RECORDS SUPPLIED:
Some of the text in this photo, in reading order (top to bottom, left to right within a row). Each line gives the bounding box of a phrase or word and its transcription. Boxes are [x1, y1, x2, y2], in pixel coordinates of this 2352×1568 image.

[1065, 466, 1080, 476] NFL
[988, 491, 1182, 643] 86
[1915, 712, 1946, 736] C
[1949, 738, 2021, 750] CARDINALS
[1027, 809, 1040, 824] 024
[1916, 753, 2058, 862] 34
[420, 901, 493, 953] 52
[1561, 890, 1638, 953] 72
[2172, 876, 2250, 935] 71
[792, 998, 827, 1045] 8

TASK: All the records above need to be output exactly, with none omitted.

RESPONSE:
Some of the text in this photo, in reading order (top to bottom, left to right within a row). Each line gives the bounding box of a phrase or word and its transcription. Boxes are [x1, y1, x2, y2], in pixel coordinates of this 2352×1568 image.

[1065, 466, 1080, 476] NFL
[988, 491, 1182, 643] 86
[1915, 712, 1946, 736] C
[1949, 738, 2021, 750] CARDINALS
[1027, 809, 1040, 824] 024
[1916, 753, 2058, 862] 34
[420, 901, 493, 953] 52
[1561, 890, 1638, 953] 72
[2172, 876, 2250, 935] 71
[792, 998, 827, 1045] 8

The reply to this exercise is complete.